Why must we do this? The answer is simple: HR 8. Bloomberg and his allies will use this issue to push horrible laws that go way beyond background checks. This issue is the most popular gun control law with people who normally oppose new gun laws. Therefore, it is the choice vehicle to “piggy back” everything we hate.
It is critically important that we understand the level of support for background checks. No, I do not believe that they will do much good. However, this is completely irrelevant. The majority of Americans who support background checks do not support them because they think they will work – they support them ON PRINCIPLE. However, they primarily are concerned about stranger to stranger transactions – not transactions between relatives or others well known to each other.
The greatest danger we face is the passage of an HR 8 like bill – and if Dems ever get control of both houses and the presidency, such a bill will pass. That could happen as soon as 2020. However, getting an HR 8 bill passed would be almost impossible if they have to argue for it on it's merits. They would have to argue that they want to send people to prison for allowing someone to shoot their gun, or transferring a gun to someone they have known for decades. That is not a wining argument. There would be no arguing that they need to close the “gun show loophole”. Will they still try to pass such bills? Sure they will, but they will lose the support of House and Senate members in most swing districts, which will make passage impossible.
Arguing that we should be able to sell a gun to a stranger without a background check is a loser for us.
Arguing that it should be a crime for me to let you handle my gun or shoot it in the woods is a loser for them.

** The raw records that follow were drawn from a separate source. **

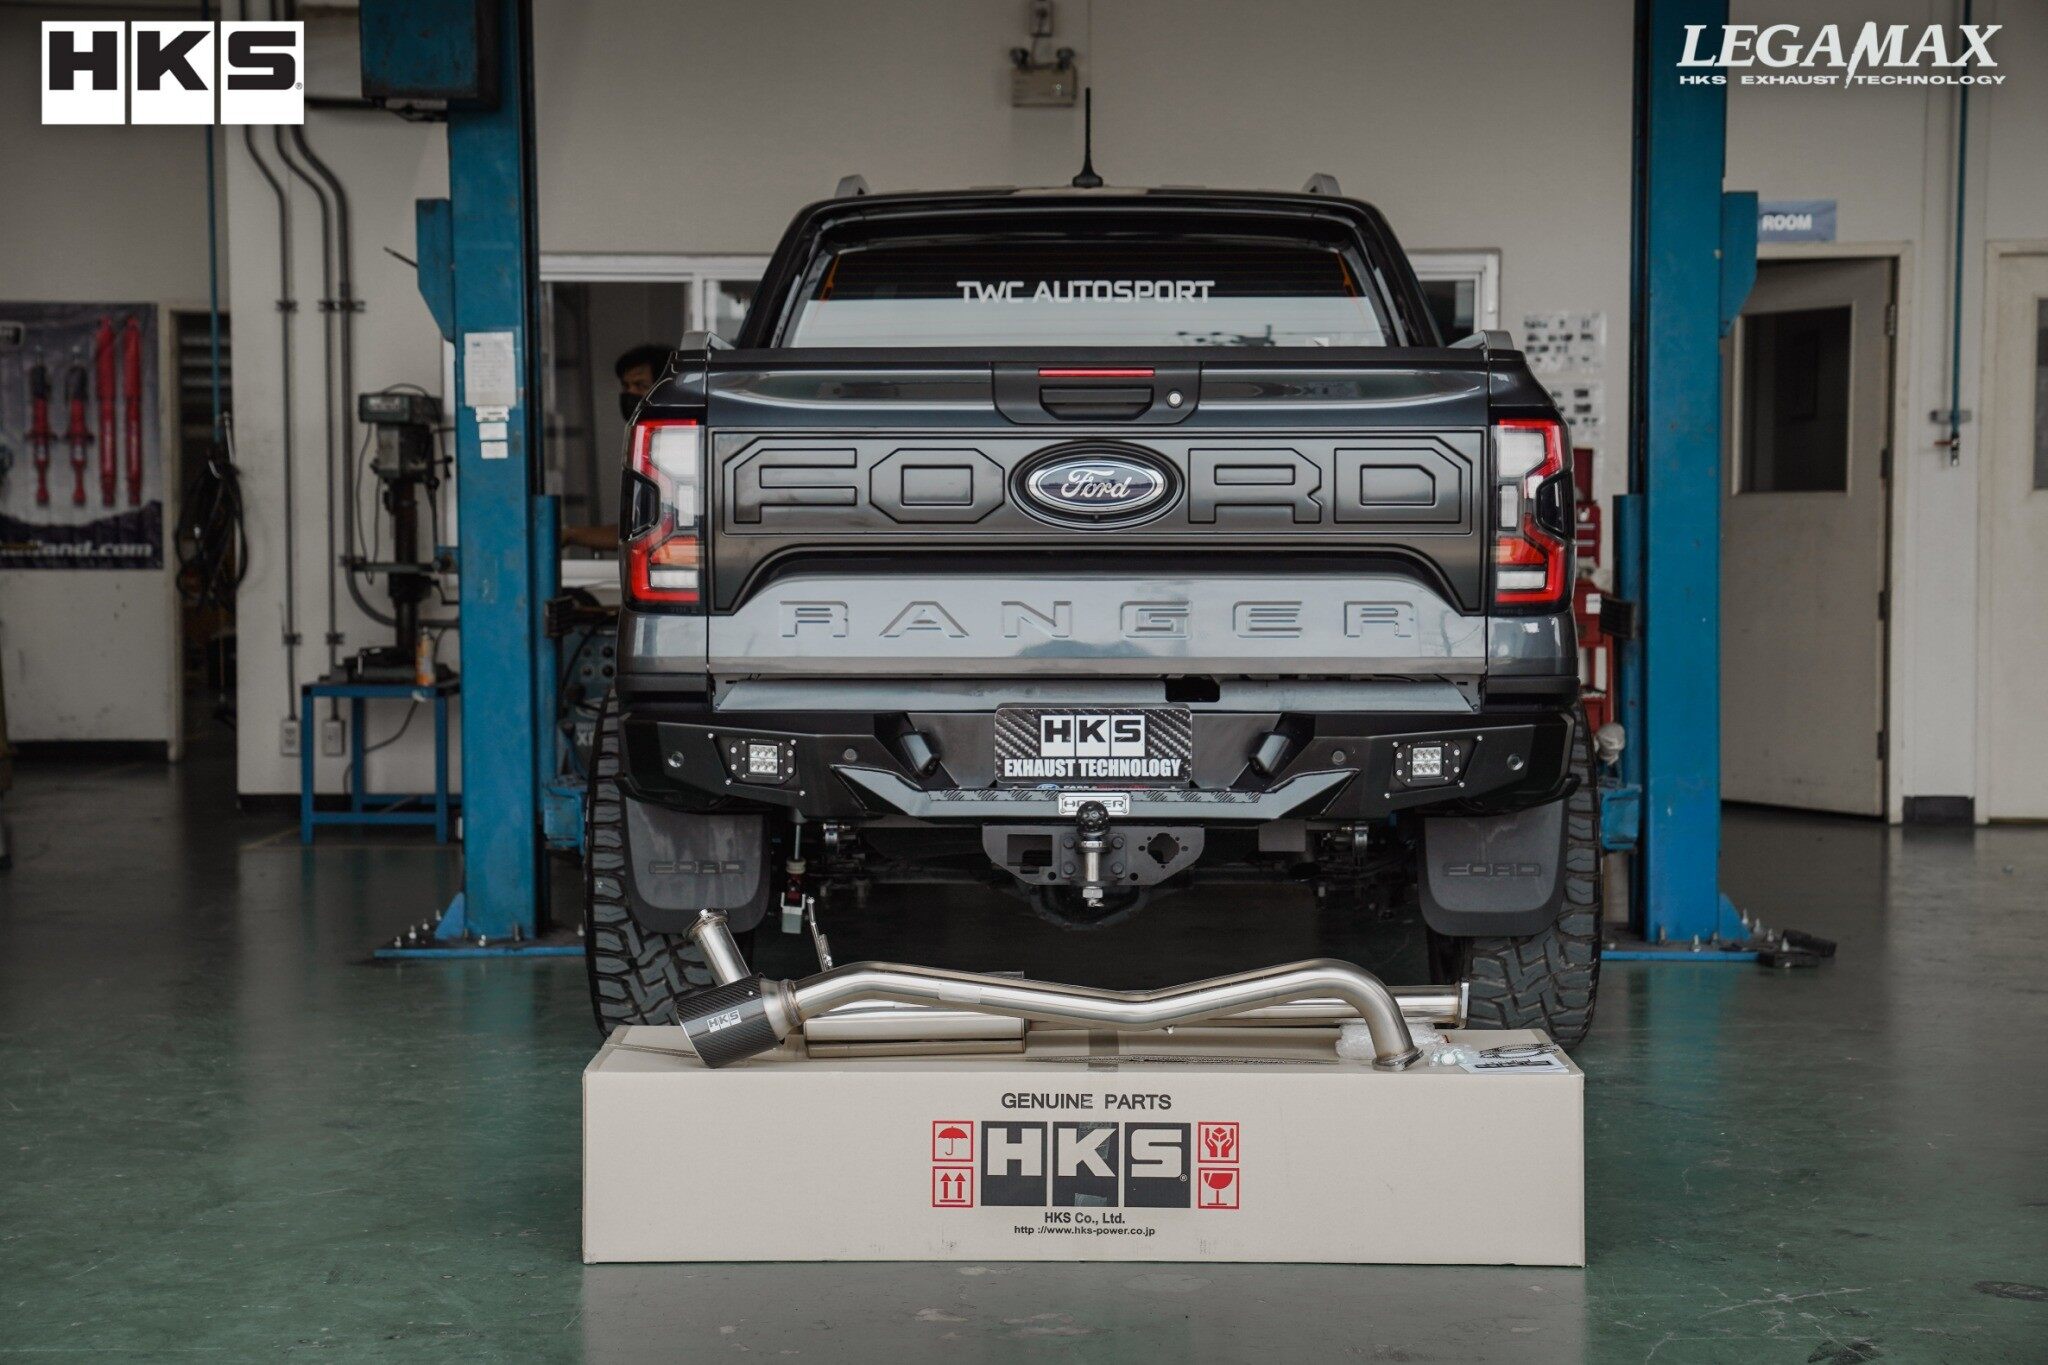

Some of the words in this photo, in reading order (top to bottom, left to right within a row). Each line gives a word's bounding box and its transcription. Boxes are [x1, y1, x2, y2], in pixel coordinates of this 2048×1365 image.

[1761, 214, 1812, 231] ROOM
[956, 280, 1024, 303] TWC
[1032, 280, 1215, 303] AUTOSPORT
[1060, 467, 1132, 499] Ford
[779, 600, 1418, 639] RANGER
[1043, 718, 1142, 743] HKS
[1004, 758, 1076, 777] EXHAUST
[1079, 758, 1182, 777] TECHNOLOGY
[707, 1010, 741, 1030] HKS
[1001, 1092, 1094, 1110] GENUINE
[1104, 1093, 1172, 1110] PARTS
[987, 1126, 1184, 1179] HKS
[1044, 1212, 1072, 1224] HKS
[1075, 1212, 1099, 1227] Co.,
[1102, 1212, 1126, 1225] Ltd.

If you think we can win a battle over Bloomberg background checks by educating the public, I suggest you ask the gun owners in Colorado, Washington, Nevada and New Mexico how that plan worked out for them. Clue: It didn't.
Another argument against expanding background checks is that no enforcement would be possible without a gun registry. However, this is not the case. I have no doubt that such an argument would be made by the gun grabbers, but it is unlikely to work.

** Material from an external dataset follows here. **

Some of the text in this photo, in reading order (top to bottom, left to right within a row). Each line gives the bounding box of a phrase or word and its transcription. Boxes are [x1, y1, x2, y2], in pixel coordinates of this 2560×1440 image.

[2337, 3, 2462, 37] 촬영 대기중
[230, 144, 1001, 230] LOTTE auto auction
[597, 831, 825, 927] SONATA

First of all, by definition, the purpose of expanding checks to private stranger to stranger transaction is to prevent honest people from selling firearms to prohibited persons. Therefore, it depends upon voluntary compliance. Given the fact the such sales are already a tiny source of criminals firearms, it is clear that most private parties are very careful about who the sell to. Compliance likely would be high.

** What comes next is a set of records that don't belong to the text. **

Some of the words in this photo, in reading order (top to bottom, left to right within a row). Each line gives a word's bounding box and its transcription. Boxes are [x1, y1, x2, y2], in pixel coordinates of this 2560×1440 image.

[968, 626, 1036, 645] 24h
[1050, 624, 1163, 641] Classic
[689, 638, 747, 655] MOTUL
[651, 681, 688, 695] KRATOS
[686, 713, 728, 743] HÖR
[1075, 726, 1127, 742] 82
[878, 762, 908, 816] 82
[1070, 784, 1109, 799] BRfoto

Second, there are many laws that are equally hard to enforce. All drug laws concerning personal use fall into this category. These laws are enforced when the come to the attention of police in the course of their investigations. One way a violator could be caught: A criminal is caught with gun. The cops ask him where he got it. He says he bought it from Mr. Brown without a background check. Cops contact Mr. Brown and ask him if this is true. He says there was a check done at Joe's Gun Shop. From there the cops could refer the case to ATF who would check for a 4473 and bound book entry at Joe's Gun Shop. In short, it's not rocket science.
2) Just as Bloomberg has used background checks to advance his agenda, we can use the same issue to advance our agenda.
First, we should start with Manchin/Toomey. We should take a long look at that bill to make sure that it only covers stranger to stranger transactions. Currently, Manchin and Toomey have made it clear that this is the case. The requirement for a check is tripped if the firearm is sold at a gun show or advertized to strangers. Manchin has used the example of posting a card on your church bulletin board as a case where a check would not be required. This exemption is a must.
Second, we should demand that the final Manchin/Toomey bill of 2013 be the starting point. Why? Simple: There are a TON of pro-gun rights provisions in it. For one thing, it allowed purchases in ANY STATE. It also added necessary teeth to the innocent passage provisions of the 1986 Firearms Owners Protection Act – specifically damages if local authorities arrest you in violation of it. Additionally, it made the creation of a federal gun registry a felony that carries a 15 year sentence. This version should be the starting point.
Third, we need to push for more, such as:
Preemption of state background check laws. With this expansion of the federal program, there is no need for any state background check system. This entire area of law should be completely preempted by the federal government. Furthermore, additional checks serve no further purpose and therefore are clearly unconstitutional.
CCW license reciprocity. Any state license meeting minimum requirements would have to be honored in any state.
Gun free zone liability. Any location open to the public, including locations where people are admitted by membership with have to either allow some form of lawful carry or provide armed security AND screen those entering the location. If they elect to provide security, then they must also secure the perimeter. Failure to do one of the two options would result in their being fully liable for injuries and deaths resulting from a mass shooting.
If we could get all of the above, I personally would consider that to be a win.